Roaches shut down a Kendall Don Pan’s backroom bakery. Things can get worse
A state Inspector didn’t just shut down the backroom bakery area at a Kendall Don Pan — he has promised to end the location’s ability to get new food if a roach problem doesn’t get cleared up by the next full inspection.
Department of Agriculture Inspector Julio Azpura made the threat Monday at the Don Pan at 7701 North Kendall Dr. — in the strip mall at the Palmetto Expressway exit just west of Dadeland Mall — and reiterated it Wednesday.
During Wednesday’s focused and limited inspection, Azpura lifted the Stop Use Order he put on a walk-in cooler during Monday’s inspection when it failed to keep food cool enough to prevent bacteria from growing. But he kept the Stop Use Order on “all open food processing/handling” and “all food related equipment and utensils.”
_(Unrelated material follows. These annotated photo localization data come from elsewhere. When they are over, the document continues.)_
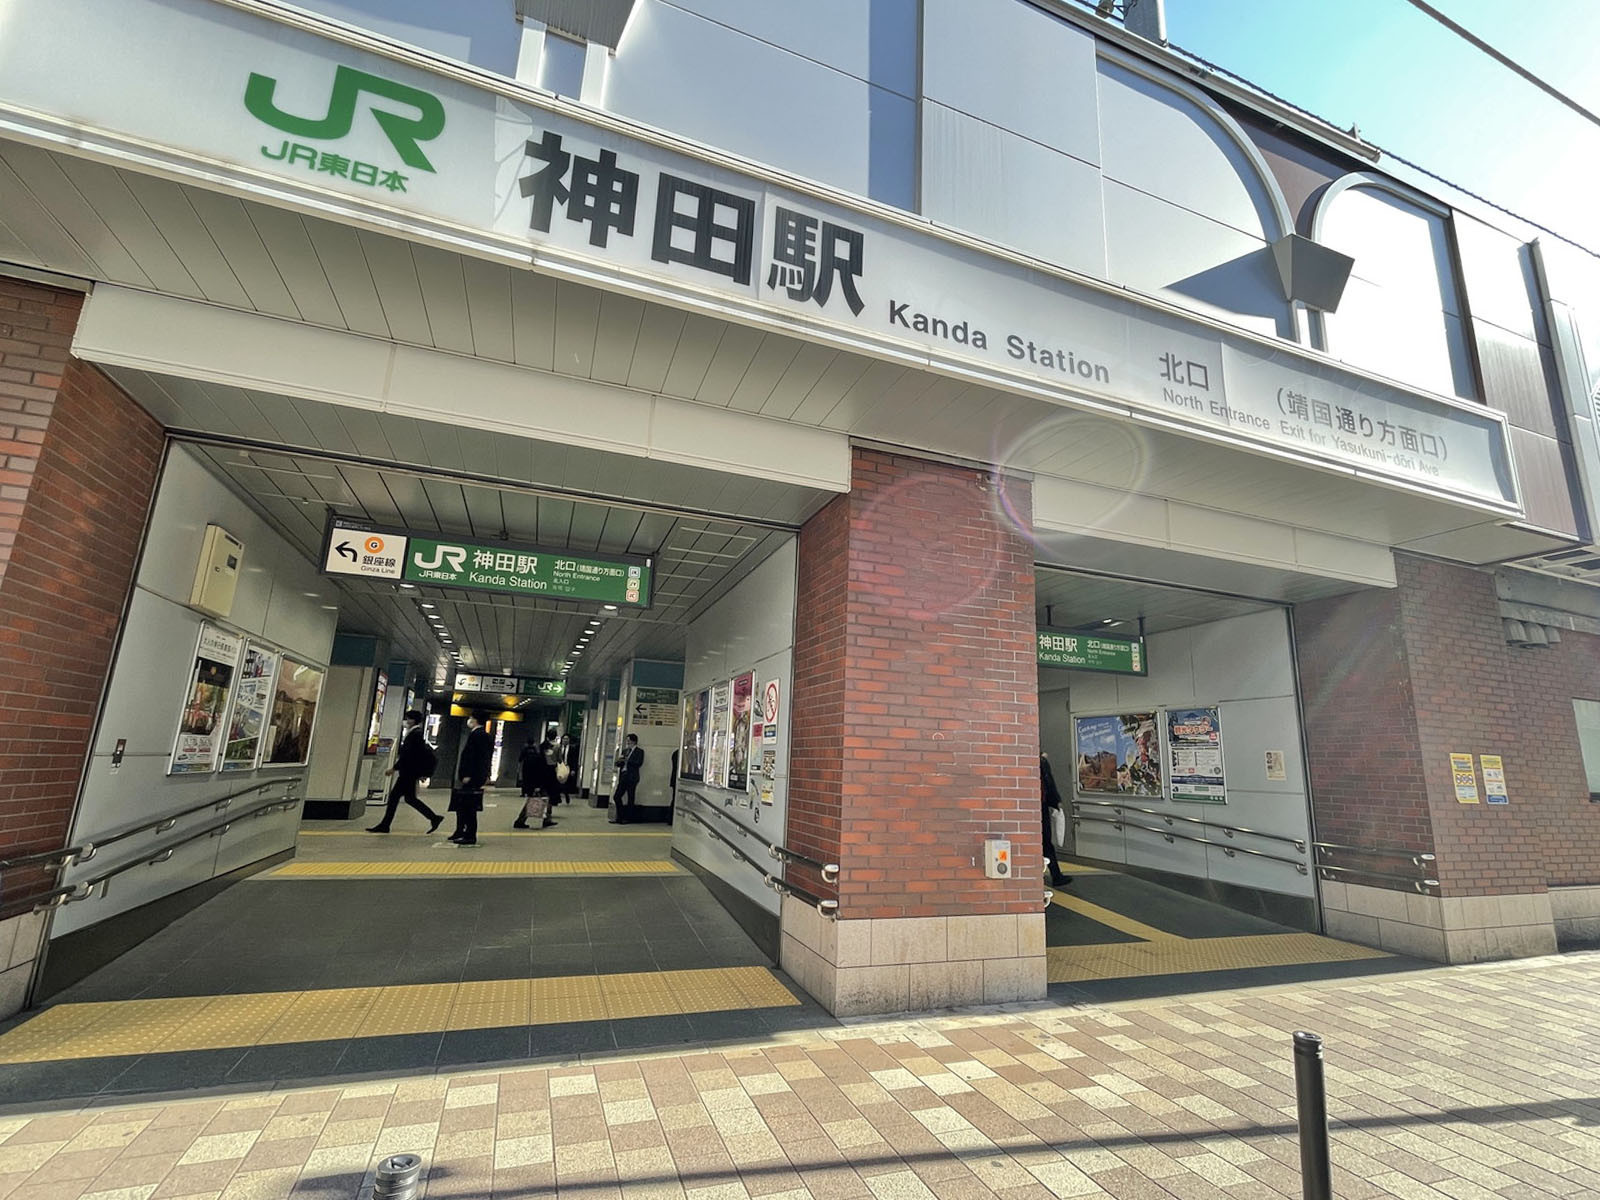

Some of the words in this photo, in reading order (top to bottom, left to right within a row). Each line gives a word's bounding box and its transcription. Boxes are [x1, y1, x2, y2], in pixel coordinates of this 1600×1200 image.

[244, 65, 446, 174] JR
[261, 140, 409, 193] JR東日本
[519, 130, 865, 317] 神田駅
[889, 299, 988, 350] Kanda
[1007, 334, 1110, 384] Station
[1159, 352, 1209, 391] 北口
[1163, 387, 1203, 412] North
[1210, 400, 1270, 430] Entrance
[1280, 420, 1306, 441] Exit
[1309, 428, 1327, 445] for
[363, 554, 397, 568] 銀座線
[414, 545, 467, 572] JR
[472, 550, 538, 575] 神田駅
[554, 560, 576, 571] 北口
[360, 565, 380, 573] Ginza
[418, 570, 458, 580] JR東日本
[553, 570, 571, 578] North
[572, 572, 600, 582] Entrance
[469, 572, 506, 586] Kanda
[508, 575, 547, 590] Station
[1039, 634, 1078, 652] 神田駅
[1087, 640, 1100, 649] 北口
[1039, 651, 1061, 662] Kanda
[1062, 653, 1086, 665] Station
[537, 682, 553, 691] JR
The bakery received orders that “the affected storage areas must be completely cleared of all merchandise, cleaned and sanitized by the next inspection; no other merchandise may be added to the storage area, or a Broken Stop Use will be issued.
“If evidence of pest infestation is observed on the next inspection, a Stop Use Order will be issued on all receiving areas of the establishment, and the establishment will no longer be allowed to receive additional food items; a Stop Use Order of all processing equipment (if applicable) will be issued; and a Stop Sale Order of all exposed food items (if applicable) will be issued until the infestation is eradicated.”
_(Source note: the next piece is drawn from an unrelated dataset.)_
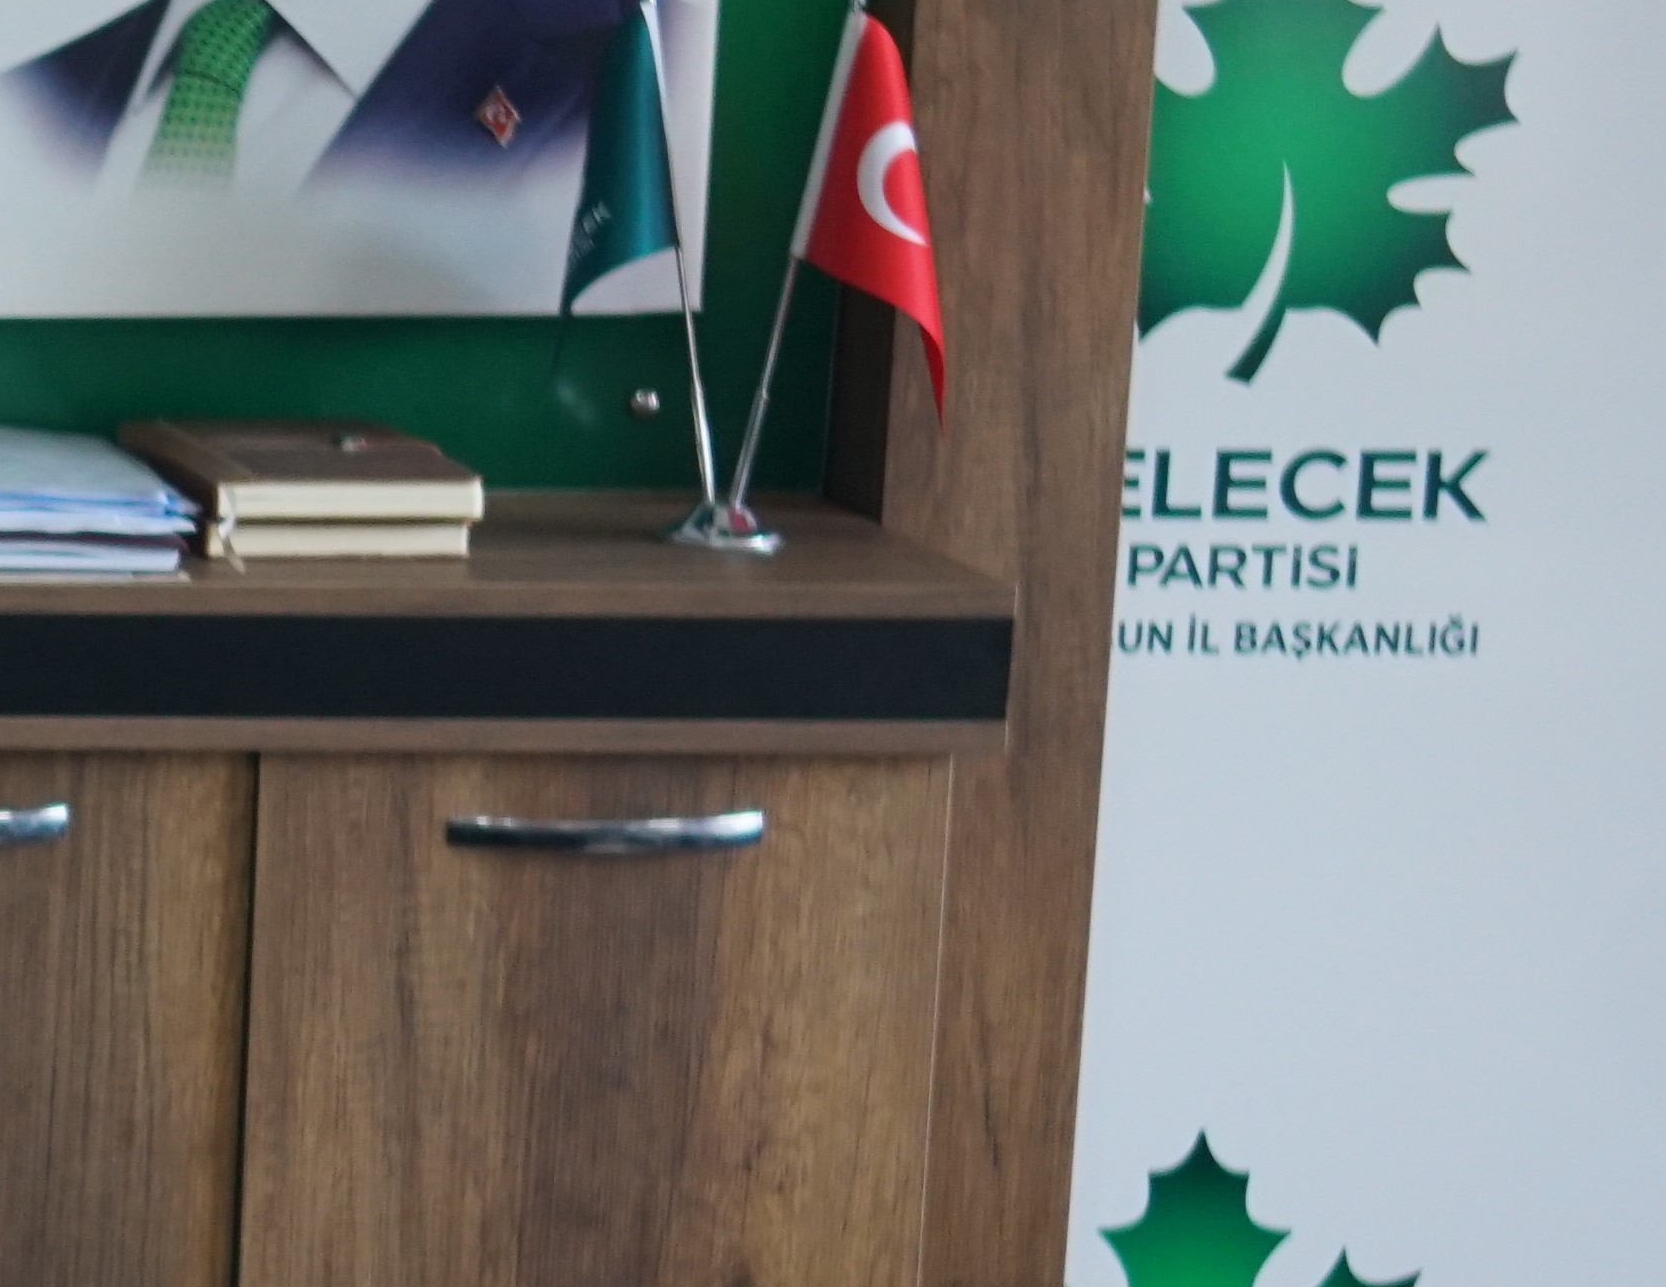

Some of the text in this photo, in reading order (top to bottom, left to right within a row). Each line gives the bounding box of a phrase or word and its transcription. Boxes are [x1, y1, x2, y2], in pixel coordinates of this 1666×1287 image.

[1122, 446, 1490, 522] LECEK
[1187, 613, 1219, 655] İL
[1234, 613, 1480, 660] BAŞKANLIĞI
The next full inspection is May 26.
Monday’s inspection said in the backroom bakery, “live roaches were found crawling in multiple sections of the storage area, including under the table, where dry food is stored; in crevices around floor tiles; between cardboard papers; cases of single serve stems; and nesting around wire shelving fixtures.”
Roaches weren’t the only problem Azpura found on Monday.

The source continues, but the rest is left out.